■ WORK INSTRUCTIONS ■
Below is a listing to repeat exactly, with its pictures left out.

■ STORED DATA ■
━━━━━━━━

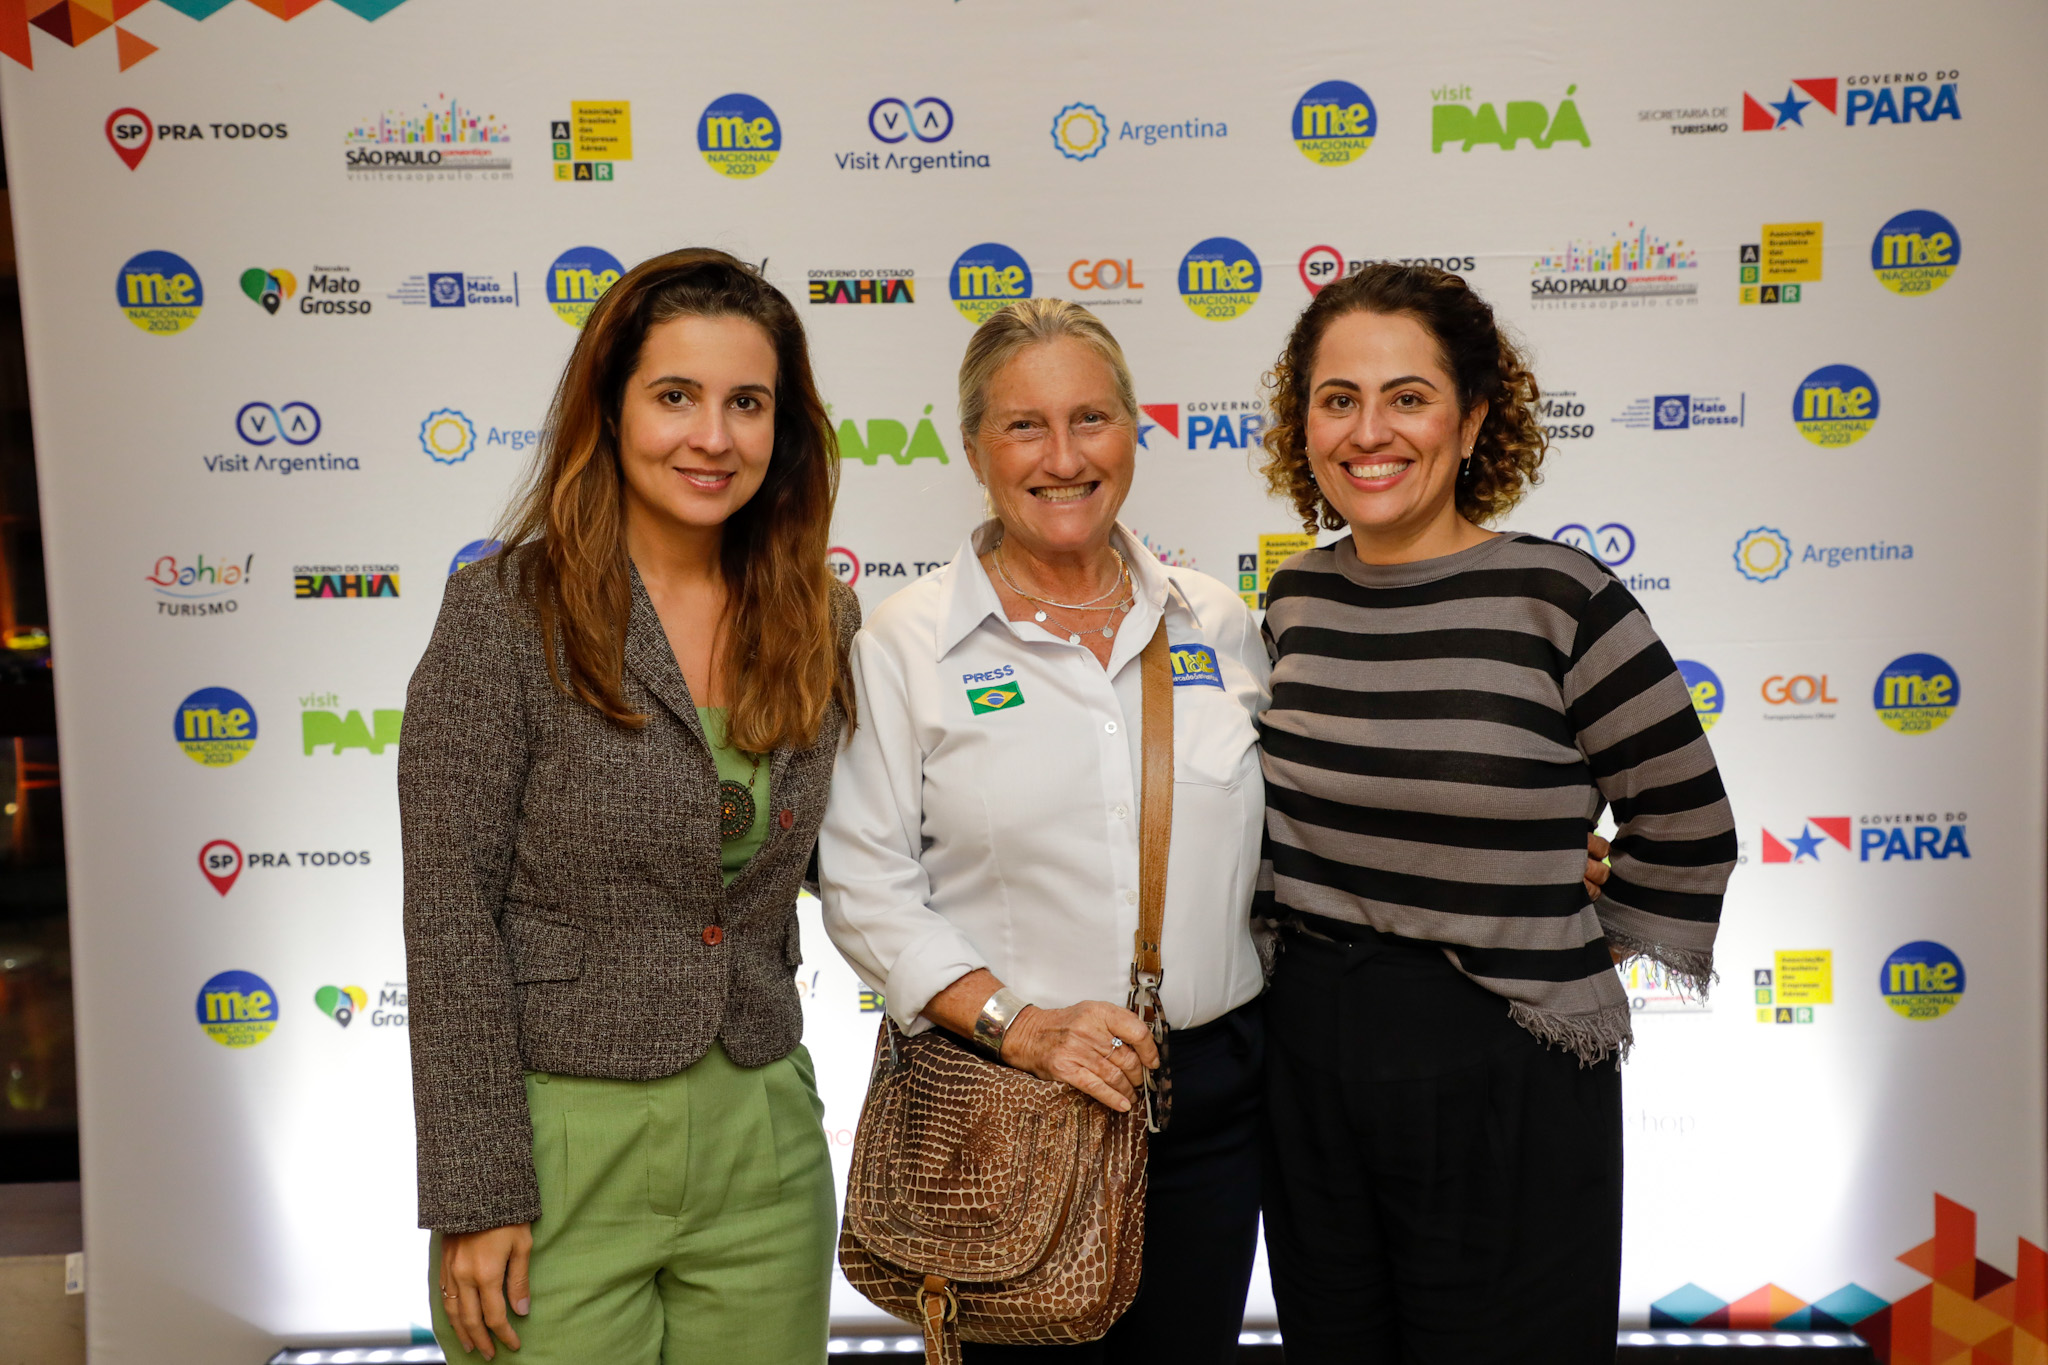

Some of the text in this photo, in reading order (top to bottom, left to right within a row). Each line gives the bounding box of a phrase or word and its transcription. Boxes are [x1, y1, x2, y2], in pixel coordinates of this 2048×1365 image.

[1847, 69, 1959, 86] GOVERNO DO
[1431, 84, 1472, 101] visit
[1432, 83, 1592, 153] PARÁ
[1638, 107, 1728, 122] SECRETARIA DE
[116, 123, 288, 140] SP PRA TODOS
[1119, 117, 1228, 146] Argentina
[1671, 123, 1729, 136] TURISMO
[1302, 139, 1367, 150] NACIONAL
[346, 147, 382, 165] SÃO
[386, 150, 441, 165] PAULO
[708, 153, 772, 163] NACIONAL
[835, 151, 990, 173] Visit Argentina
[1319, 151, 1350, 163] 2023
[726, 163, 757, 175] 2023
[808, 269, 914, 278] GOVERNO DO ESTADO
[1068, 259, 1144, 291] GOL
[1309, 262, 1335, 276] SP
[1881, 267, 1950, 281] NACIONAL
[308, 275, 360, 293] Mato
[467, 281, 500, 292] Mato
[1531, 275, 1567, 294] SÃO
[1571, 277, 1627, 293] PAULO
[1899, 280, 1931, 293] 2023
[467, 294, 513, 304] Grosso
[809, 280, 915, 304] BAHIA
[300, 297, 371, 315] Grosso
[1189, 295, 1253, 305] NACIONAL
[129, 309, 195, 319] NACIONAL
[1206, 306, 1237, 317] 2023
[148, 319, 179, 331] 2023
[1187, 401, 1262, 412] GOVERNO
[1692, 403, 1726, 413] Mato
[1692, 415, 1738, 425] Grosso
[1802, 421, 1869, 433] NACIONAL
[1820, 433, 1851, 444] 2023
[204, 453, 360, 474] Visit Argentina
[1802, 540, 1914, 568] Argentina
[145, 553, 255, 587] Bahia!
[293, 564, 399, 574] GOVERNO DO ESTADO
[865, 562, 907, 577] PRA
[295, 575, 400, 599] BAHIA
[157, 600, 238, 617] TURISMO
[963, 664, 1014, 685] PRESS
[1762, 674, 1838, 705] GOL
[299, 692, 339, 708] visit
[1882, 708, 1949, 720] NACIONAL
[1900, 720, 1932, 732] 2023
[185, 740, 248, 752] NACIONAL
[204, 752, 233, 765] 2023
[1860, 811, 1967, 825] GOVERNO DO
[209, 850, 371, 869] SP PRA TODOS
[1890, 994, 1955, 1006] NACIONAL
[1908, 1006, 1939, 1018] 2023

━━━━━━━━

■ ANSWER FOR THE TASK ■
Some of the text in this photo, in reading order (top to bottom, left to right within a row). Each line gives the bounding box of a phrase or word and its transcription. Boxes are [x1, y1, x2, y2], in pixel coordinates of this 2048×1365 image.

[1847, 69, 1959, 86] GOVERNO DO
[1431, 84, 1472, 101] visit
[1432, 83, 1592, 153] PARÁ
[1638, 107, 1728, 122] SECRETARIA DE
[116, 123, 288, 140] SP PRA TODOS
[1119, 117, 1228, 146] Argentina
[1671, 123, 1729, 136] TURISMO
[1302, 139, 1367, 150] NACIONAL
[346, 147, 382, 165] SÃO
[386, 150, 441, 165] PAULO
[708, 153, 772, 163] NACIONAL
[835, 151, 990, 173] Visit Argentina
[1319, 151, 1350, 163] 2023
[726, 163, 757, 175] 2023
[808, 269, 914, 278] GOVERNO DO ESTADO
[1068, 259, 1144, 291] GOL
[1309, 262, 1335, 276] SP
[1881, 267, 1950, 281] NACIONAL
[308, 275, 360, 293] Mato
[467, 281, 500, 292] Mato
[1531, 275, 1567, 294] SÃO
[1571, 277, 1627, 293] PAULO
[1899, 280, 1931, 293] 2023
[467, 294, 513, 304] Grosso
[809, 280, 915, 304] BAHIA
[300, 297, 371, 315] Grosso
[1189, 295, 1253, 305] NACIONAL
[129, 309, 195, 319] NACIONAL
[1206, 306, 1237, 317] 2023
[148, 319, 179, 331] 2023
[1187, 401, 1262, 412] GOVERNO
[1692, 403, 1726, 413] Mato
[1692, 415, 1738, 425] Grosso
[1802, 421, 1869, 433] NACIONAL
[1820, 433, 1851, 444] 2023
[204, 453, 360, 474] Visit Argentina
[1802, 540, 1914, 568] Argentina
[145, 553, 255, 587] Bahia!
[293, 564, 399, 574] GOVERNO DO ESTADO
[865, 562, 907, 577] PRA
[295, 575, 400, 599] BAHIA
[157, 600, 238, 617] TURISMO
[963, 664, 1014, 685] PRESS
[1762, 674, 1838, 705] GOL
[299, 692, 339, 708] visit
[1882, 708, 1949, 720] NACIONAL
[1900, 720, 1932, 732] 2023
[185, 740, 248, 752] NACIONAL
[204, 752, 233, 765] 2023
[1860, 811, 1967, 825] GOVERNO DO
[209, 850, 371, 869] SP PRA TODOS
[1890, 994, 1955, 1006] NACIONAL
[1908, 1006, 1939, 1018] 2023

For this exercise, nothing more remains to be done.